Work to be completed: Every line below is to be copied exactly, with the pictures left out.

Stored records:
>>>>>
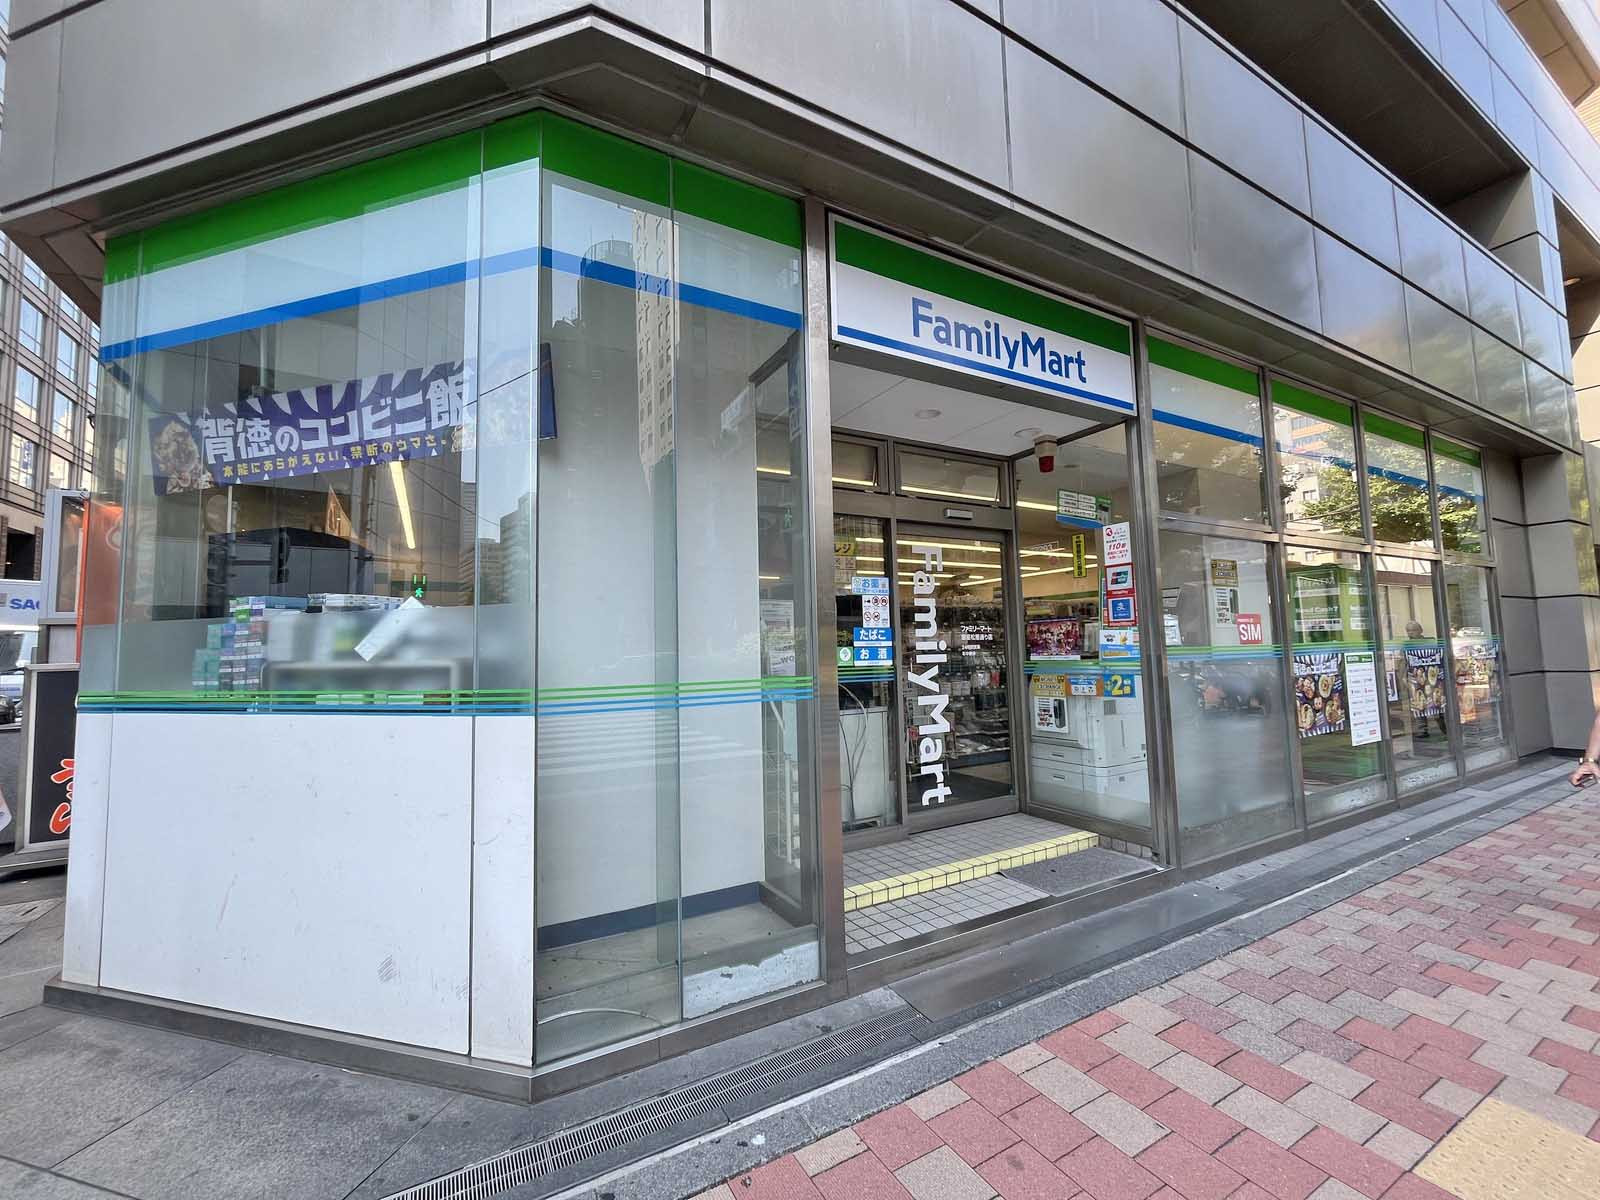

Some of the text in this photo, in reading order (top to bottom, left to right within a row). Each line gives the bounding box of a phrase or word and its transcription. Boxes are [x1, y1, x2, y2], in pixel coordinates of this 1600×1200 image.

[912, 297, 1087, 383] FamilyMart
[199, 374, 468, 464] 背徳のコンビニ飯
[9, 598, 40, 610] SA
[859, 628, 887, 640] たばこ
[1239, 623, 1262, 640] SIM
[859, 648, 888, 660] お酒
[907, 545, 952, 807] FamilyMart
<<<<<
Expected answer:
Some of the text in this photo, in reading order (top to bottom, left to right within a row). Each line gives the bounding box of a phrase or word and its transcription. Boxes are [x1, y1, x2, y2], in pixel coordinates of this 1600×1200 image.

[912, 297, 1087, 383] FamilyMart
[199, 374, 468, 464] 背徳のコンビニ飯
[9, 598, 40, 610] SA
[859, 628, 887, 640] たばこ
[1239, 623, 1262, 640] SIM
[859, 648, 888, 660] お酒
[907, 545, 952, 807] FamilyMart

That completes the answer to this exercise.